Author: Felix Stalder --- Date: 12/02/96 --- Copyright: ThingReviews NYC

Digital Gardens - A World in Mutation

The Powerplant, Toronto

curated by Louise Dompierre

The question that the artists are invited to reflect on is, as the catalogue puts it--in which ways have new media altered our relationship to nature? The exhibition offers three distinct views across this discourse-burdened relationship.

The first one is focused on the influence of technology on nature while both systems are conceptualized as separate or are at least separable. One version of this is presented in the installation "Sowin’ Machine" by Montréal artist Doug Buis. The arrangement consists of some kind of low-tech electro-mechanical device that is suspended above a bed of soil. This machine drops seeds onto the ground where they start to grow (if they are watered by the friendly museum’s personnel). An interface placed out of sight in a different room seems to enable the visitor to control the sowing process by choosing the different seeds but, as the catalogue reveals, everything is completely predetermined, except some minor details such as the movement of the apparatus back and forth along the rails where it is suspended. This movement is influenced by the visitor’s presence in the room, interfaced through standard motion detectors.

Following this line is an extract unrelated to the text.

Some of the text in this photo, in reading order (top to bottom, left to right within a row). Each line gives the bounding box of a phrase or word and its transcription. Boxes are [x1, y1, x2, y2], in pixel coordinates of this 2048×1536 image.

This installation is, unfortunately, stuck somewhere in between two poles. One is a critical-fascinated view of machines, as presented by Jean Tinguely but without achieving his superb irony or dark beauty, the other is a more social- and process-oriented one, such as in the project Telegarden that actually allows people to control the planting and growing process in a real garden over the Internet, a project developed at the University of Southern California and on-line since June 1995.

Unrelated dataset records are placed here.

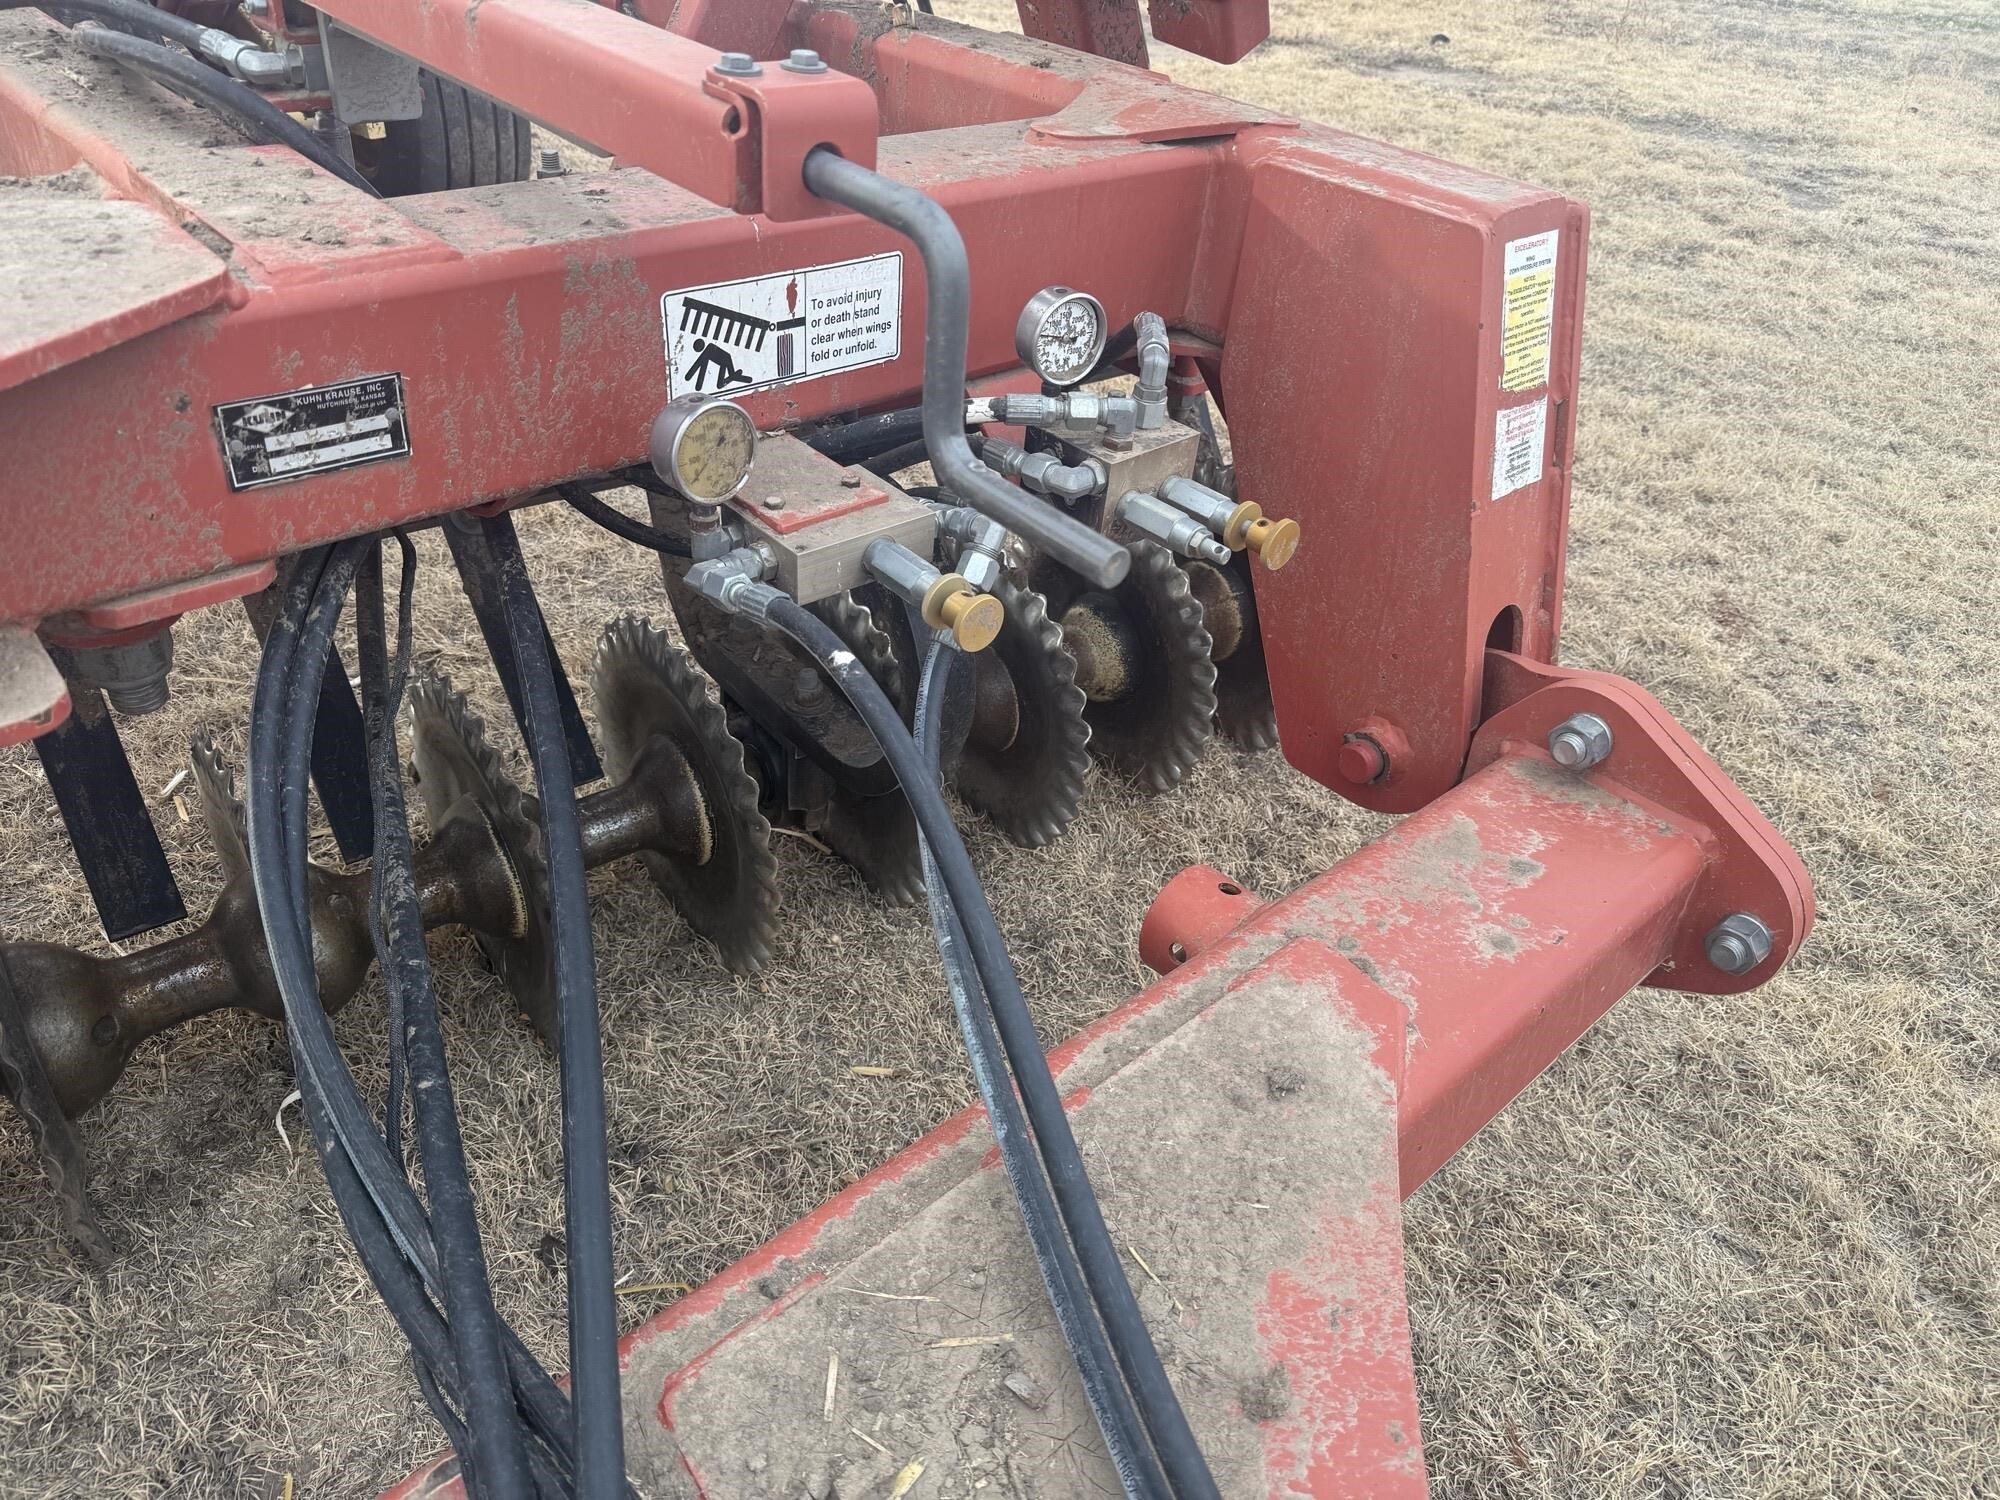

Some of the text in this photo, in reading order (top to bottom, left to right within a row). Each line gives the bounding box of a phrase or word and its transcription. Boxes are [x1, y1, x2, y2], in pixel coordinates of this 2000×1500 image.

[811, 288, 882, 310] To avoid injury
[811, 304, 880, 328] or death stand
[811, 321, 892, 346] clear when wings
[811, 347, 831, 362] fold
[832, 346, 844, 358] or
[845, 339, 878, 355] unfold.
[296, 394, 323, 407] KUHN
[366, 382, 385, 394] INC.
[361, 391, 386, 403] KANSAS
[376, 399, 387, 407] USA

The uncovered message of Buis’ middle position is that machines can be involved in initializing a natural process and that we can not always control the results.

The second position is the view of nature through media, questioning the way we perceive (a mediated) nature. In the series greenwork the Australian artist Rosemary Laing show the impact of the speed culture on the appearance of nature, glossy fuzzy green computer-altered photograph of the burgeoning jungle. The images play with the clash of the static and dynamic, rendering the static dynamic by accelerating the view on it and rendering the dynamic static by slowing down the view on it, as done in the second part of this series, where she presents time-lapsed photographs of the airstreams of jet planes, making the routes in the sky visible as faint, cloud-like traces.

Even though Laing’s work opens some classical questions of poststructural semiotics, the signifier being disconnected from signified forming a sphere of its own, her perspectives, as well as Buis’, draw upon a very conventional, actually modern concept of the relation between nature and technology, as two distinct spheres with distinct systemic logics that are linearly related. In the case of Buis it’s technology impacting nature, in case of Laing it’s technology mediating nature as something in between the viewer and the object. But in both cases the relation is a uni-directed, punctual, and both nature and technology are functionally closed systems--in short, these perspectives describe the same old mappings.

A different approach is pursued in the installation ‘Bird Song Cycle’ by the British artist Matt Collishaw, a very reduced close-circuit set up. Seven budgies are living in a large bird’s cage, flying and singing. Their sounds are captured by a microphone hanging from the ceiling of the cage and constantly replayed with a several seconds delay. The effect is that both sounds are constantly present, the actual and the recorded one, and the birds live under a constant feedback of their own activities, influencing their further singing which itself is played back again.

The media used in this piece is very old technology - a generic mic and two Revox reel tape recorders - but the set up creates a immediate experience of the direction of a more interrelated, non-linear connection between nature and media, how the blending of these two systems generates effects that are irreducible to any one of the systems. What one hears on the tape are the birds that can only be understood as under the constant influence of their own feedback, generating a peculiar atmosphere which defines their actual singing. This setting is redefined constantly and the outcome, the specific soundscape in the moment of the viewer’s presence, is the result of a processual relationship instead of a punctual one.

Still waiting to be addressed are the more disturbing questions that arise from the interconnection of technology into networks, from the emergence of new ecological systems, where biological characteristics begin to appear in technological systems creating ostensibly nature-like technologies.